Si el martes, la Audiencia Provincial de Badajoz mandaba a David Sánchez, hermano del presidente, al banquillo por un delito de prevaricación y otro de tráfico de influencias, ayer miércoles el juez Juan Carlos Peinado decidía transformar la pieza separada en la que investigaba el posible delito de malversación de caudales públicos cometido por su mujer Begoña Gómez en un procedimiento con jurado popular. 

Pero Sánchez, como siempre, a lo suyo. Ayer desde Nueva York, dijo: “La verdad acabará imponiéndose, mi hermano y mi mujer son inocentes”. Y no solo eso: anunció que se presentará a la reelección en 2027: “Es algo que ya he hablado con mi familia y con mi partido”. 

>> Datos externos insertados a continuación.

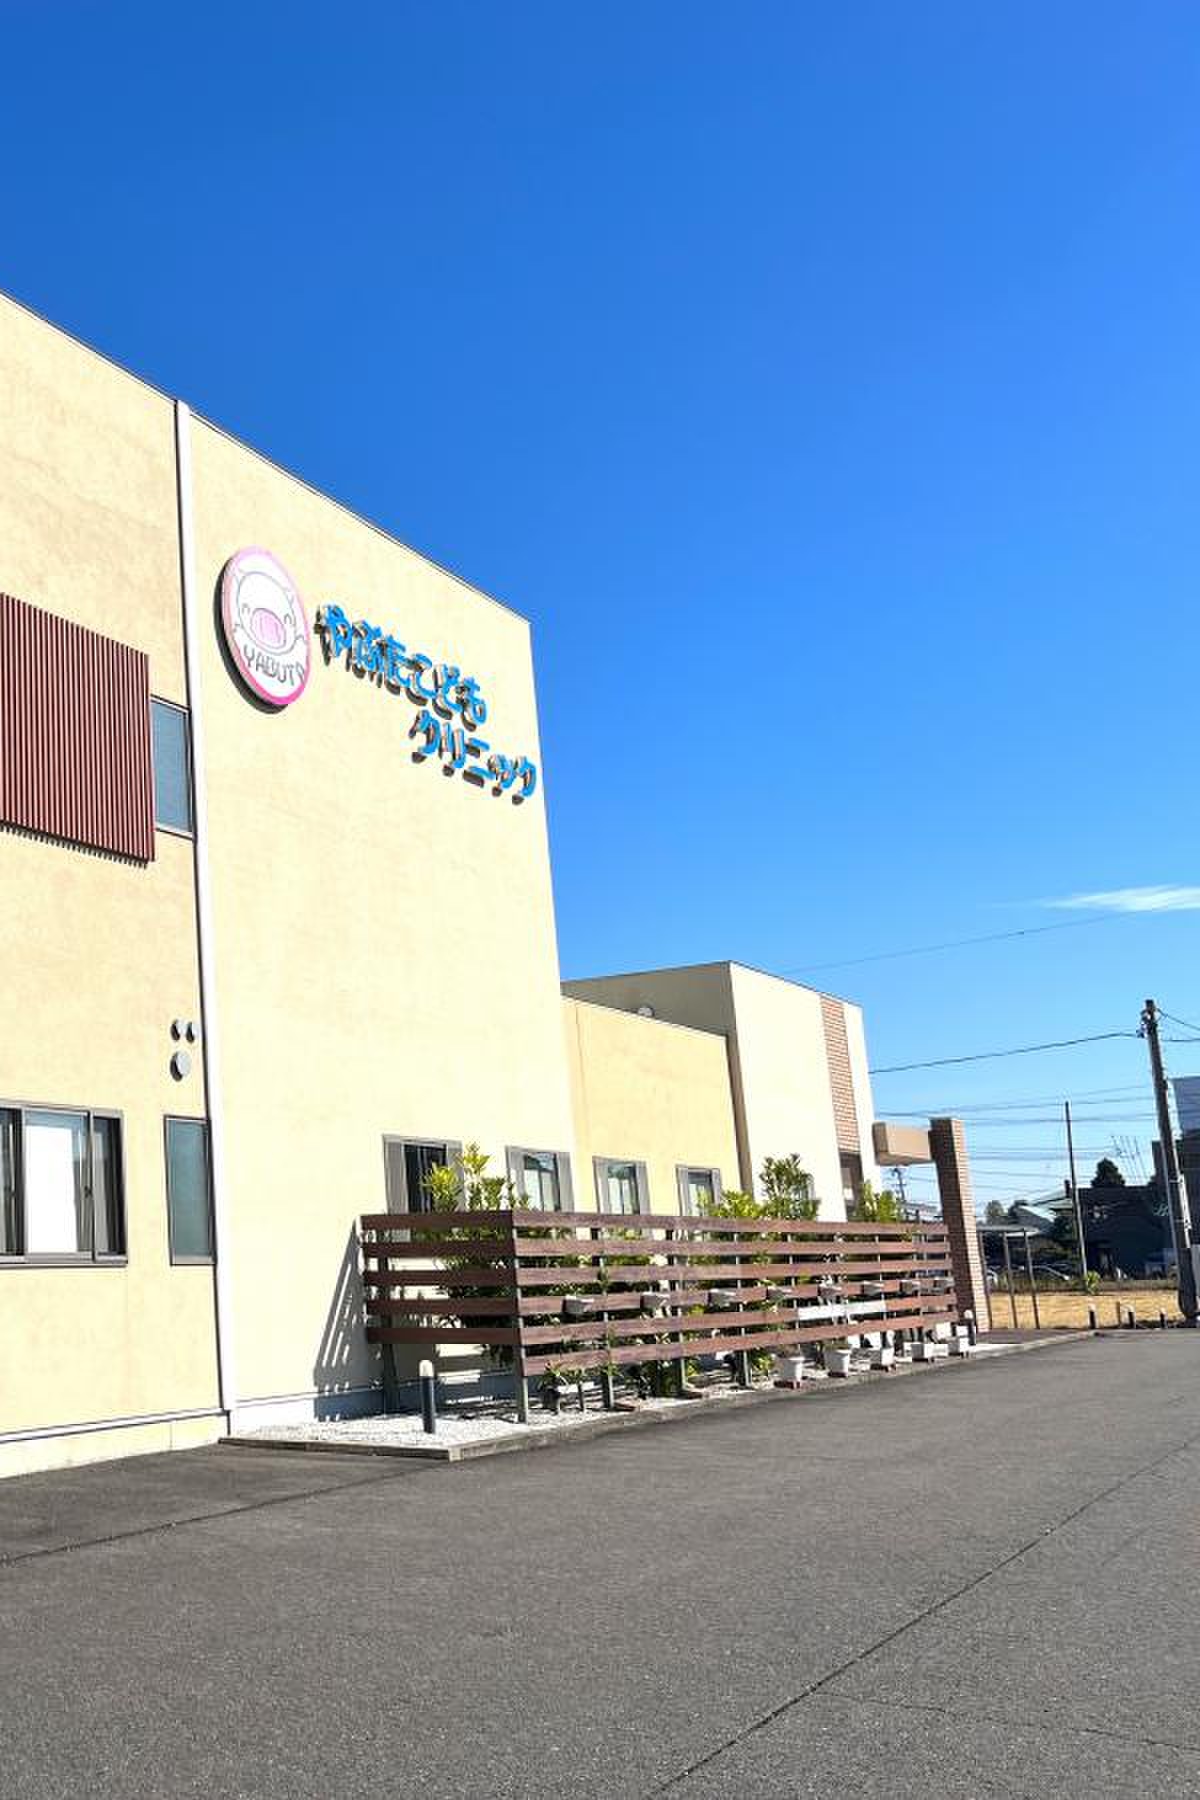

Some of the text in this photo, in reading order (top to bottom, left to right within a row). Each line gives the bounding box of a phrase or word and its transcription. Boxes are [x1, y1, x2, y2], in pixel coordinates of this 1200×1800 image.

[317, 604, 487, 724] やぶたこども
[412, 709, 537, 798] クリニック

Sin embargo, durante su estancia en Nueva York no ha podido evitar escuchar gritos, en idioma español, contra él y contra su gestión, pronunciados por miembros de Hazte Oír, como puede escucharse aquí:

Lo que está claro es que Sánchez ya no puede pasear tranquilo ni por Nueva York, al igual que le ocurre en España, donde no puede salir a la calle sin ser objeto de abucheos y recriminaciones por parte de un político que ha mentido a la ciudadanía en numerosas ocasiones y que ha traicionado a los españoles con la amnistía a los delincuentes del 'procés' independentista catalán, con tal de permanecer en el poder. 

Quizá la clave esté en las palabras que el fallecido presidente de Uruguay, Pepe Mújica, le dijo a la periodista Pepa Bueno: "La gente lo que no perdona es que le engañen".